Data supplied:
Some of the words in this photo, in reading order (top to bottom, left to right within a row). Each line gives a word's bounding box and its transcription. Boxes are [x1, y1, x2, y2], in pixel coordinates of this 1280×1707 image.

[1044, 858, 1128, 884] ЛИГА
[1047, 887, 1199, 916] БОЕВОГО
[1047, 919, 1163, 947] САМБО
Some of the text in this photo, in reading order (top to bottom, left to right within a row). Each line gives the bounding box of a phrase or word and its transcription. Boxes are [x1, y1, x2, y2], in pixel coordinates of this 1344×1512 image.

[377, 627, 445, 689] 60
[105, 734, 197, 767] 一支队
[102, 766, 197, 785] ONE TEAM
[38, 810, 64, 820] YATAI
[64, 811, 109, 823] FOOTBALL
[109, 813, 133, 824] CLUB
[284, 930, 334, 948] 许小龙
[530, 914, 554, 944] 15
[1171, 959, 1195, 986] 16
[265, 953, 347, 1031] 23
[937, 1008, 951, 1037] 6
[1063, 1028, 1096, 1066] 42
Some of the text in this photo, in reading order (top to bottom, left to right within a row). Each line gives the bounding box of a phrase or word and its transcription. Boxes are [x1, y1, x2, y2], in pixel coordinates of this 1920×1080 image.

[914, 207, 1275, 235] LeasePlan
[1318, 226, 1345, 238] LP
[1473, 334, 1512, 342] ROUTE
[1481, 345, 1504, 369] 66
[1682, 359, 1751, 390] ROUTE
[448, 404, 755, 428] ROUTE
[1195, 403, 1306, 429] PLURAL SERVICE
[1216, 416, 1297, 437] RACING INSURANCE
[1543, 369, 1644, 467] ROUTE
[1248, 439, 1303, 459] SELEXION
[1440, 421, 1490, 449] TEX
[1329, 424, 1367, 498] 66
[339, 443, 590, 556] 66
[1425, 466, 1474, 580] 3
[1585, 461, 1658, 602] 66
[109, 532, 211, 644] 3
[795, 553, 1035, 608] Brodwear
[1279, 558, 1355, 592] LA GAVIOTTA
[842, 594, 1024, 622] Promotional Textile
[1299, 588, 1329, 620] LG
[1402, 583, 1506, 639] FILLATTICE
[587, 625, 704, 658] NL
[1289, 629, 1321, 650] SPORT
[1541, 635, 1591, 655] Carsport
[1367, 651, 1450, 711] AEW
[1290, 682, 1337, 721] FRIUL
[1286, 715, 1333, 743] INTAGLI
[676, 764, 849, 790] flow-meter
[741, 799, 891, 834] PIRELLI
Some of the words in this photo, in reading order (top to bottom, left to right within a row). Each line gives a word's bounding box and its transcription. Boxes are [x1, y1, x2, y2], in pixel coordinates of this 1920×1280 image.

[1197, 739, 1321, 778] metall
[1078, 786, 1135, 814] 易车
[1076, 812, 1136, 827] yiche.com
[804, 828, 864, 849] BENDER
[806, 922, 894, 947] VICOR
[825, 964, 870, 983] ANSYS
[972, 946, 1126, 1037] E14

About this task: The answer should be an exact reproduction of all the entries.

Your solution:
Some of the words in this photo, in reading order (top to bottom, left to right within a row). Each line gives a word's bounding box and its transcription. Boxes are [x1, y1, x2, y2], in pixel coordinates of this 1280×1707 image.

[1044, 858, 1128, 884] ЛИГА
[1047, 887, 1199, 916] БОЕВОГО
[1047, 919, 1163, 947] САМБО
Some of the text in this photo, in reading order (top to bottom, left to right within a row). Each line gives the bounding box of a phrase or word and its transcription. Boxes are [x1, y1, x2, y2], in pixel coordinates of this 1344×1512 image.

[377, 627, 445, 689] 60
[105, 734, 197, 767] 一支队
[102, 766, 197, 785] ONE TEAM
[38, 810, 64, 820] YATAI
[64, 811, 109, 823] FOOTBALL
[109, 813, 133, 824] CLUB
[284, 930, 334, 948] 许小龙
[530, 914, 554, 944] 15
[1171, 959, 1195, 986] 16
[265, 953, 347, 1031] 23
[937, 1008, 951, 1037] 6
[1063, 1028, 1096, 1066] 42
Some of the text in this photo, in reading order (top to bottom, left to right within a row). Each line gives the bounding box of a phrase or word and its transcription. Boxes are [x1, y1, x2, y2], in pixel coordinates of this 1920×1080 image.

[914, 207, 1275, 235] LeasePlan
[1318, 226, 1345, 238] LP
[1473, 334, 1512, 342] ROUTE
[1481, 345, 1504, 369] 66
[1682, 359, 1751, 390] ROUTE
[448, 404, 755, 428] ROUTE
[1195, 403, 1306, 429] PLURAL SERVICE
[1216, 416, 1297, 437] RACING INSURANCE
[1543, 369, 1644, 467] ROUTE
[1248, 439, 1303, 459] SELEXION
[1440, 421, 1490, 449] TEX
[1329, 424, 1367, 498] 66
[339, 443, 590, 556] 66
[1425, 466, 1474, 580] 3
[1585, 461, 1658, 602] 66
[109, 532, 211, 644] 3
[795, 553, 1035, 608] Brodwear
[1279, 558, 1355, 592] LA GAVIOTTA
[842, 594, 1024, 622] Promotional Textile
[1299, 588, 1329, 620] LG
[1402, 583, 1506, 639] FILLATTICE
[587, 625, 704, 658] NL
[1289, 629, 1321, 650] SPORT
[1541, 635, 1591, 655] Carsport
[1367, 651, 1450, 711] AEW
[1290, 682, 1337, 721] FRIUL
[1286, 715, 1333, 743] INTAGLI
[676, 764, 849, 790] flow-meter
[741, 799, 891, 834] PIRELLI
Some of the words in this photo, in reading order (top to bottom, left to right within a row). Each line gives a word's bounding box and its transcription. Boxes are [x1, y1, x2, y2], in pixel coordinates of this 1920×1280 image.

[1197, 739, 1321, 778] metall
[1078, 786, 1135, 814] 易车
[1076, 812, 1136, 827] yiche.com
[804, 828, 864, 849] BENDER
[806, 922, 894, 947] VICOR
[825, 964, 870, 983] ANSYS
[972, 946, 1126, 1037] E14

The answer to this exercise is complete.